Noontime Dawns
You wait until the only sounds come from the environmental systems before using the stolen codes to leave your room. From now on, the best case scenario if you're found is a lifetime in a black site: journalists don't get much forgiveness for wandering through restricted research stations, even when they had been invited there to write a puff piece.
Spy, you correct yourself, as if silently humming the old James Bond theme could give you the skills you know you don't have. They'll handle you as a spy, and, if you're being honest — the code you just used to open the door having been provided by an anonymous foreign-agency-looking entity that's bribing, blackmailing, and helping you do this — they wouldn't be wrong. But in your head you're still a journalist, and the main reason you're currently creeping your way out of the areas open to you, hoping that the cameras have been taken care of by your remote benefactors, is that you want to know what they are doing elsewhere.
Yes, researching crops capable of surviving the quickly extending deserts is vital. And, yes, the heart of the Abandoned Countries is a reasonable place to do it, even if they aren't fit for human habitation without constant refrigeration. Specially right now, at noon, when everybody in the base is sleeping.

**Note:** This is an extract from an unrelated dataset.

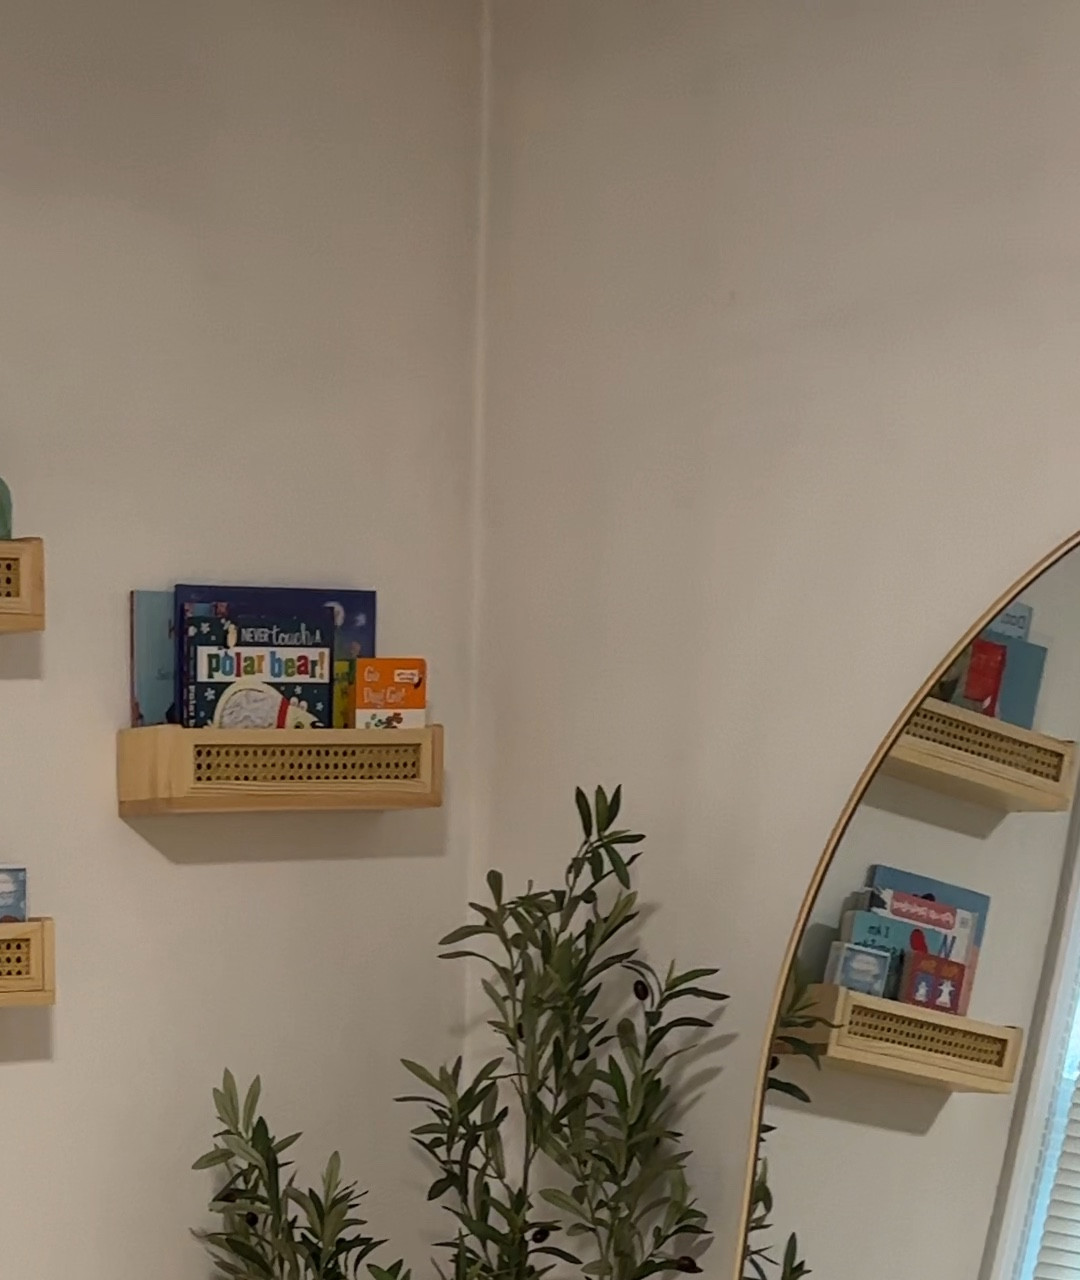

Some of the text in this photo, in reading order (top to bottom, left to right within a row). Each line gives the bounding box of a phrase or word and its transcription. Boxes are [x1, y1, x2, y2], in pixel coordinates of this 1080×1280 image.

You're in the part of the base you most definitely shouldn't be, deeply unsettled by how cheerful it looks. Bright colors and cozy furniture isn't how the secret wing of an already restricted research base should be decorated. Walking through an empty corridor, as weirded out as you're scared, you stop by a window. It's the first one you've seen in the base —they make keeping the temperature down more energetically expensive, and the landscape outside isn't the kind of nature that keeps you psychologically healthy — but it's not the window what stops you.
There are animals outside, moving under the noontime sun. That shouldn't be possible, not at noon this close to the Equator.
And then you see what they are. Who. Kids. Their skin is strange, parts of it looking unsettlingly active yet non-biological, but they are upright, and you recognize the game they are playing as a version of one your own kids love.
"You've found the children," says a voice behind you, and you know with sudden certainty you'll never see your son and daughter again.
"Where are the parents?" It's perhaps not the most important question, but you're a father as much as you're a journalist, and it's the one that comes to your mind.
"We all are, in a manner of speaking." The Base Director's voice is wistful and sincere. She's a believer without being a fanatic, and that sends shivers down your spine despite the phantom heat coming from the uncannily almost-dead landscape even through the sealed windows. "We aren't going to survive the next century, you understand."
You know she means the species. She doesn't sound sad. She is standing next to you now, watching the kids play. "But death doesn't matter if you leave someone behind."
The kids you're seeing aren't human. It's not just their skin and the thousand biological modifications that must be under it for them to survive in that environment. You've read and heard stories about experiments with brains and machines, a couple of decades ago before the accelerated ecological collapse led among other things to the Genetic Treaty. If they are doing something as forbidden as this, they are going all the way, and these kids... They aren't human.
But your kids are different from you, too, and that's fine. Perhaps not different enough, and you feel a vague need to apologize to them for that, for everything you can see through the window, now that you'll never have the chance.
You'll die in an accident the next day, locked out of the base under the scorching sun, in the place where the children are playing.